Saturday, December 25, 2021

Boundaries vs. Obligations

Today, I am personally at a crossroad when it comes to the holidays, weddings, and funerals. I understand that obligations are obligations—and as my parents reminded me, over and over again, from when I was a child to an adult today, fulfilling obligations is quite important and somewhat required of me and of any normal human being. Maybe they’re speaking from a very traditional Cambodian/Chinese/Buddhist perspective which at times I can relate, but then, there are occasions which I can’t relate. Even they would agree with some of the decisions I have made and would encourage for me to do what is unorthodox, like declining to attend some of the family events I have been invited to. Then, yet again, they contradict themselves, saying family is family and blood is thicker than water. 

 

This Christmas, we invited my best friend's family to our home a few weeks earlier, out of pure love and care, to ensure that we fulfill the obligation of caring for them after my best friend went home to be with the Lord earlier this year. However, they have decided to just keep it to themselves this Christmas which we totally understand and respect. No harsh feelings and we're hopeful for next year or the next or the next. Since the declination, my husband and I pondered on what our Plan B would be. I listed the extended families that we could possibly invite and host, my side of the family or his side of the family or take up on an invitation. It would be fun. But, he politely declined. Not the typical response I would get from my socially-oriented husband. I asked why. He simply stated that he just wanted a quiet, peaceful, and intimate Christmas. He wanted to focus on the birth of Jesus and what His birth means to all of humanity. I was pleasantly surprised to hear this from him. I am thankful to know that this was what he really wanted after all and I couldn't agree more. 
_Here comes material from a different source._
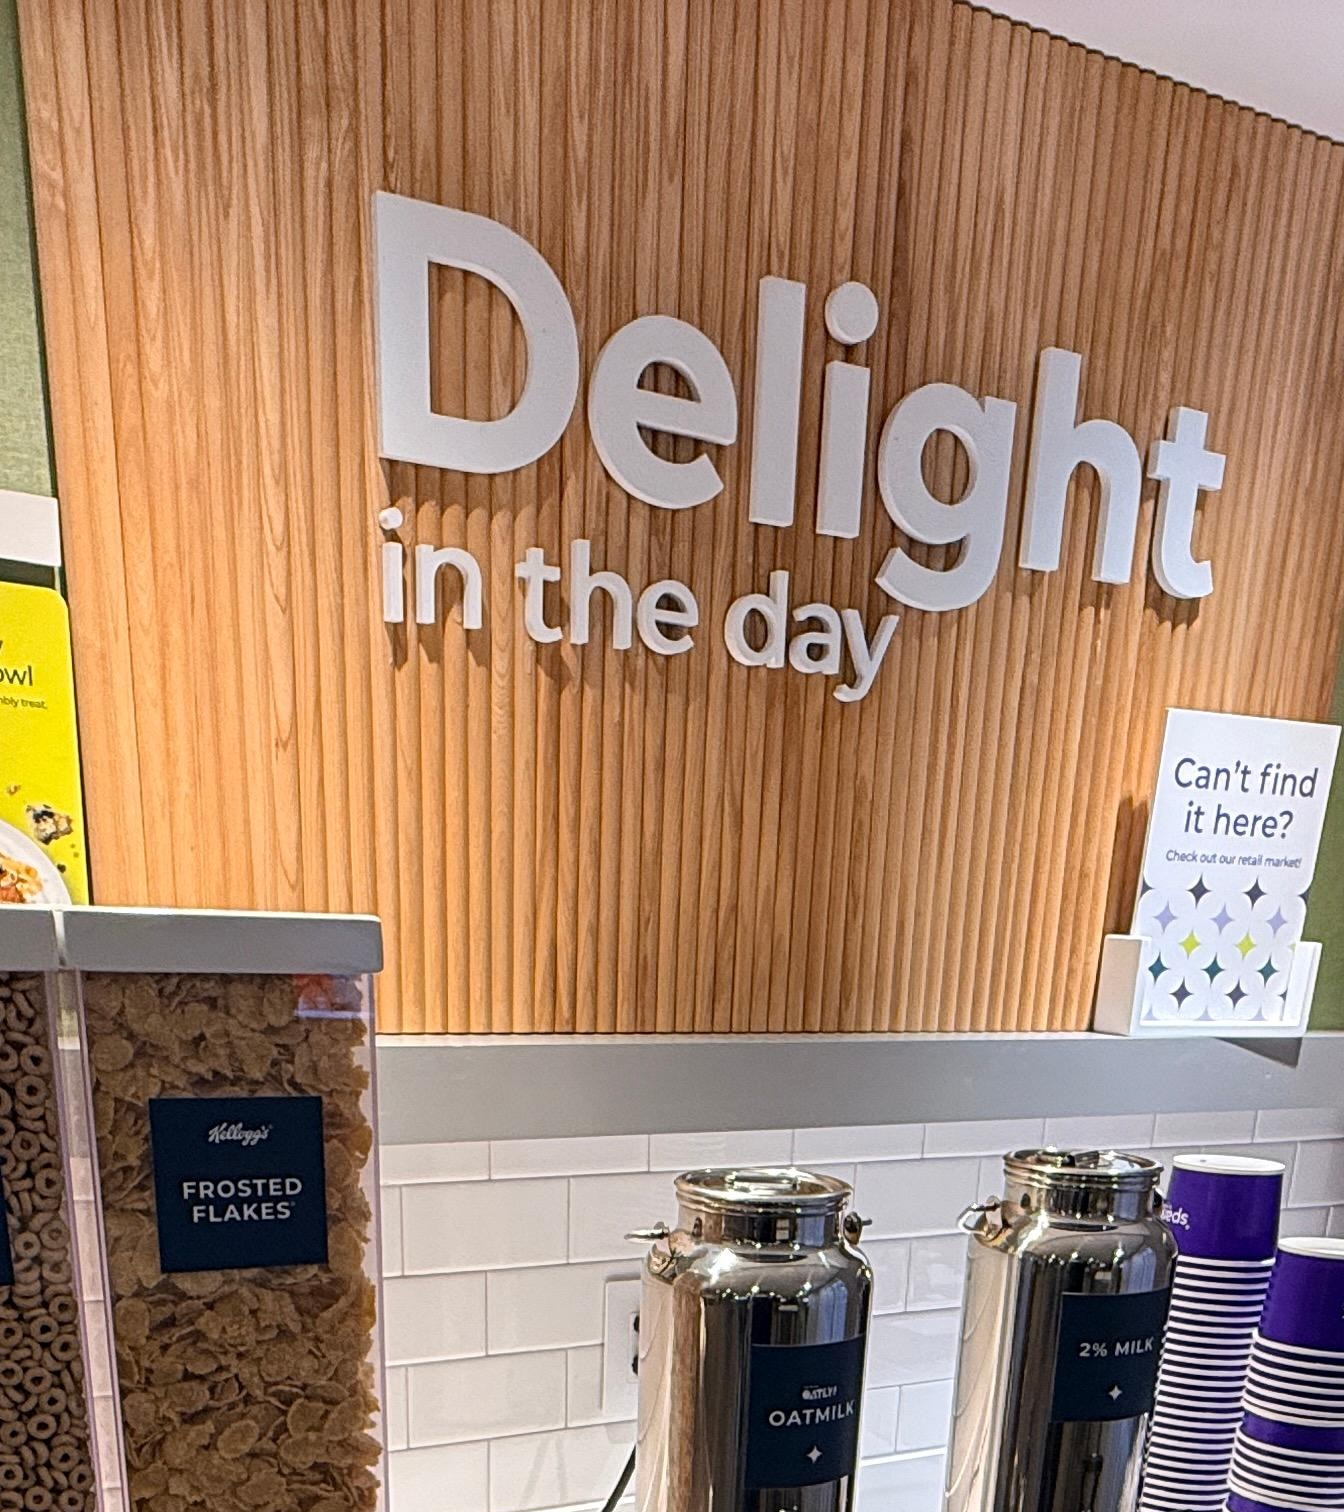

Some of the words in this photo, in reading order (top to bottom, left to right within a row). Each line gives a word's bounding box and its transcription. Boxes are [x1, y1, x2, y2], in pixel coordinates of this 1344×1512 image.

Guilt is certainly another factor that somehow finds itself in to my heart and mind after I have firmly decided one way or another. After many gatherings at our homestead over the years and going over to someone else’s home for the holidays—whether Thanksgiving or Christmas, or other holidays that aren't so significant, we have been occasionally burnt leaving a bitter taste in our mouths. Prior to these gatherings and invitations, we anticipate so much. Our hearts pitter and patter with thoughts on how it will be, and so many what-ifs come to mind. Post-gathering, we become somewhat traumatized by some of the harsh words or questioning of our being as if we are not enough. Personally, I'm even made to believe that I'm this big, bad person.  Conversations replay in my mind causing for my blood to boil up inside me, compelling second-thoughts, reminding me to meditate, forgive, and let it all go..."For they know not what they do."

 

So, really, the phrase, “Good vibes only,” should really mean: be nice, be kind, be supportive, and most importantly, be real, be genuine, be authentic with love for you cannot be the former without the latter. And, you certainly cannot be the latter without LOVE. Therefore, if you can’t be all of the above to each individual you invite to your home or as a guest to someone else’s home, then don’t even bother. What humanity is lacking is genuine love for one another. Because of this depravity, the world is a darker place filled with human beings who are angry, lonely, depressed, sad, anxious, etc. because they're too busy being envious and jealous of each other...too busy trying to keep up with the Joneses, that the words that come out of their mouths reflect truly what's inside their hearts. Pretentious love is freely given with empty words and forced smiles that don’t warm up the core of the bones leaving half-empty hearts that go unfilled. Pretentious is such the word that would not be used to describe me if I were asked to describe myself. It’s an ugly thing to be. Yet, at times, I’m almost forced to be pretentious to get things going along for the time being. Because, let’s face it, not everything is peaches and cream, not all relationships are on good terms. People are afraid to go deep in conversations for they are afraid of what revelations/truths would surface and how these truths would affect the others’ feelings.

 

Therefore, boundaries are boundaries. My boundaries may be more specific filled with many little requirements than others. I am not putting this out there to declare that I cannot live with the world. I will still do my best to live in peace with the world. But, I will limit myself to toxicity which can so quickly and easily spread ruining my mindset in a very real way just as Paul reminded us in 1 Corinthians 15:32-34 (NIV), “Do not be misled. Bad company corrupts good character. Come back to your senses as you ought, and stop spinning; for there are some who are ignorant of God – I say this to your shame.” So, brothers and sisters, what you do today matters for eternity. In light of eternity, sin is a foolish gamble. Your belief in the resurrection will affect your view of the future. Most significantly, it also ought to affect how you live today.

 

I am not writing this out of hate or spite. I am doing my best to also love my enemies. We all know and can acknowledge that we have enemies in this life. But, I don’t and never will wish any ill-thoughts upon them…only pray for them to see the truth for what it stands. And, today, that truth is the birth of Jesus Christ born to be our savior over 2000 years ago. He came so that we may have life…in eternity. He came to wipe away all our sins even as we are still sinners so that we may know how deep His love is for each and everyone of us. Today, I pray that you may understand the depth of His unfailing love for all of us even when we don’t deserve it. 


May your Christmas be filled with humility and gentle kindness given, and received.